Download Radiobiology Lec:3 Stage:2 3.Cell death after irradiation

Radiobiology
Lec:3
Stage:2
3.Cell death after irradiation
The effects of radiation on the human population can be classified as
either somatic or genetic:
1-Somatic effects are harm that exposed individuals suffer during their
lifetime, such as radiation induced cancers (carcinogenesis), sterility,
opacification of the eye lens and life shortening.
2-Genetic or hereditary effects are radiation induced mutations to an
individual’s genes and DNA that can contribute to the birth of defective
descendants.
- Carcinogenesis expresses itself as a late somatic effect in the form of
acute or chronic myeloid leukaemia or some solid tumours, for example
in the skin, bone, lung, thyroid or breast.

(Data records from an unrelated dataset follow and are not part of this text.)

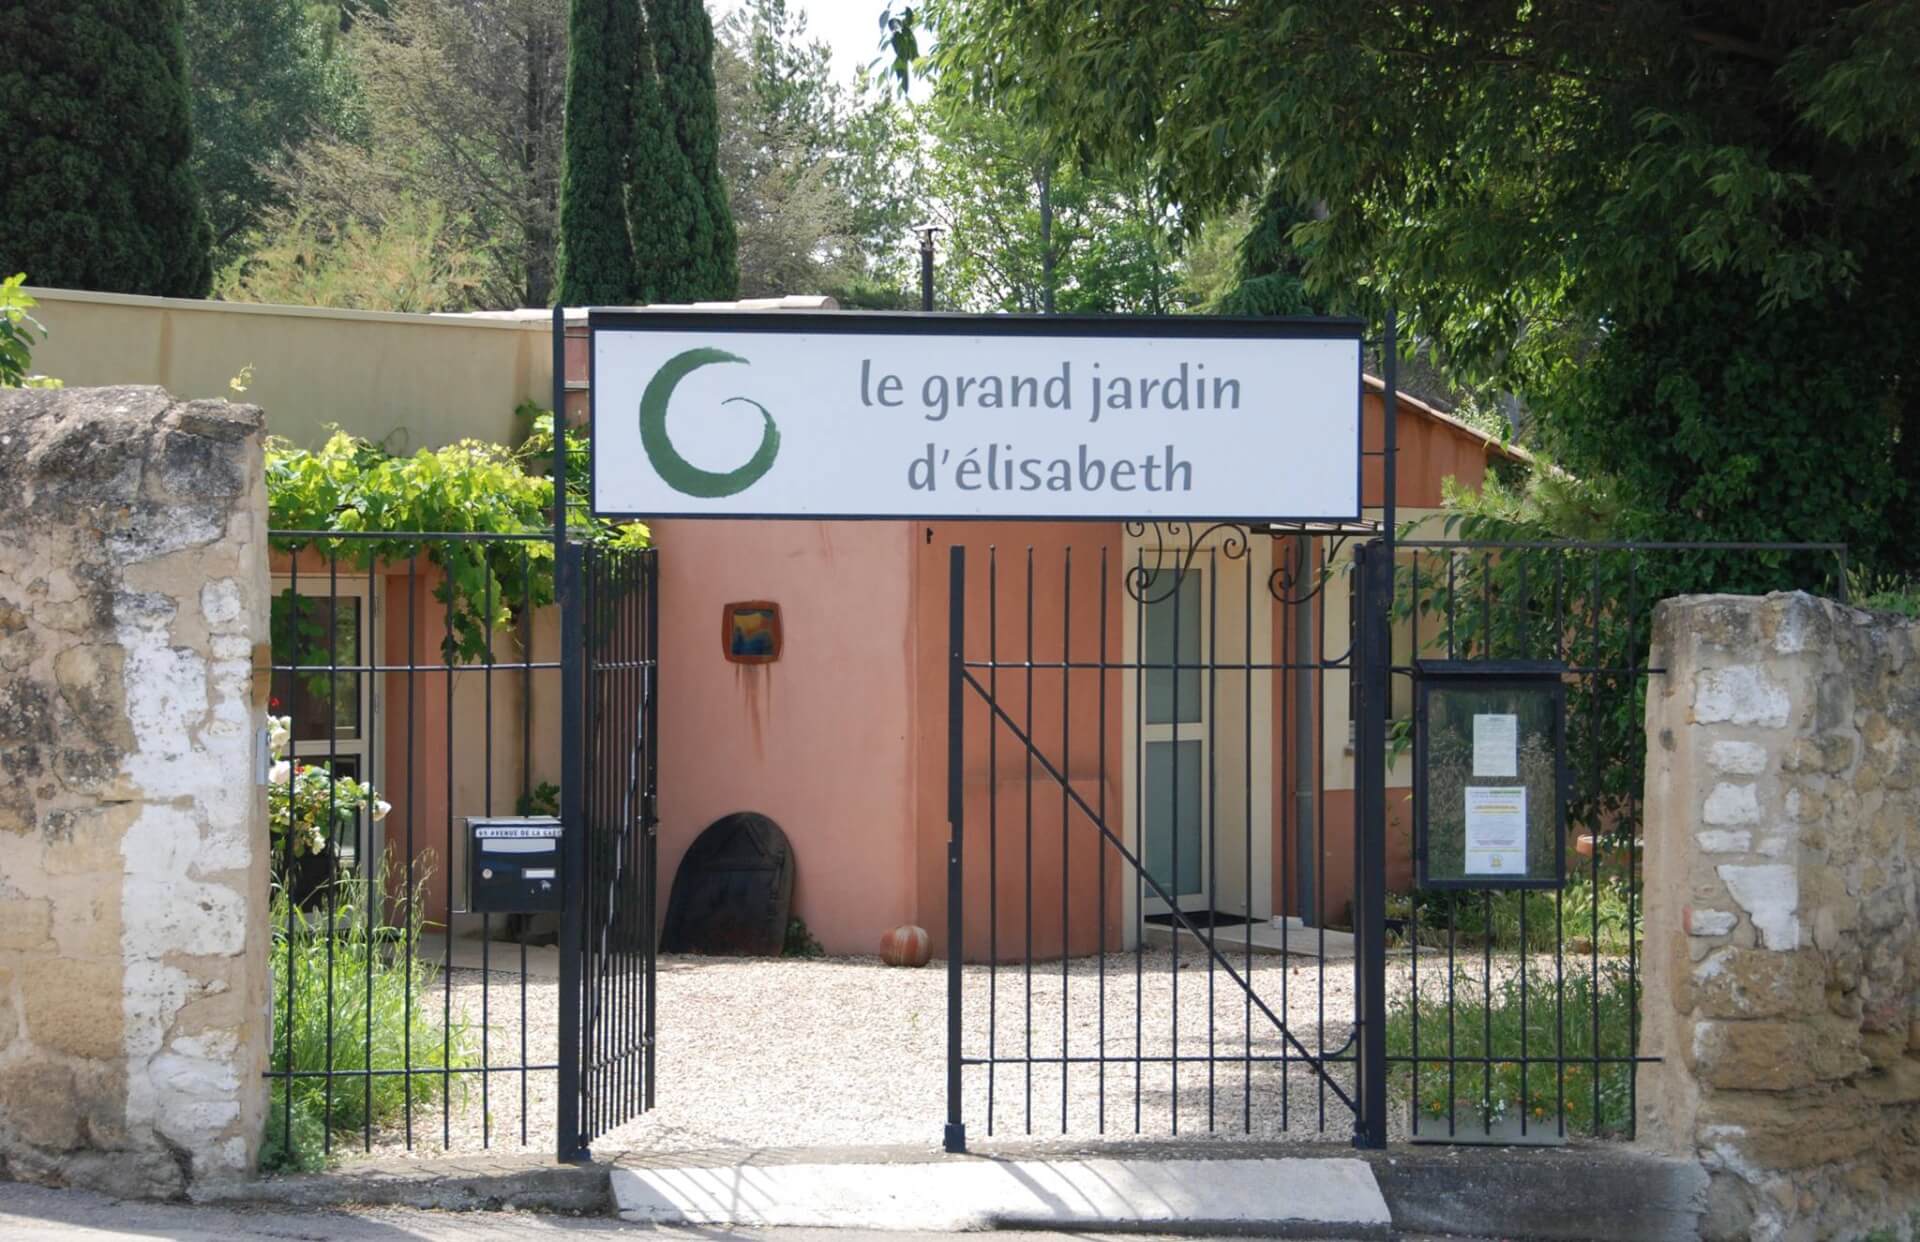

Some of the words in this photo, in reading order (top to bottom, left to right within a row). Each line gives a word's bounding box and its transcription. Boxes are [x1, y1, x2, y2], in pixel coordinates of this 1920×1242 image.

[860, 358, 904, 407] le
[921, 360, 1072, 423] grand
[1088, 361, 1241, 423] jardin
[907, 442, 1193, 492] d'élisabeth
[490, 829, 518, 837] AVENUE
[520, 829, 530, 837] DE
[531, 829, 541, 837] LA

- Radiation is a known teratogen (i.e. it causes birth defects). The effects
of radiation on the foetus depend on two factors: the dose and the stage of
development at the time of exposure. The principal effects of radiation on
a foetus are foetal or neonatal death, malformations, growth retardation,
congenital defects and cancer induction.
-An abortion to avoid the possibility of radiation induced congenital
abnormalities should be considered only when the foetal dose has
exceeded
10cGy.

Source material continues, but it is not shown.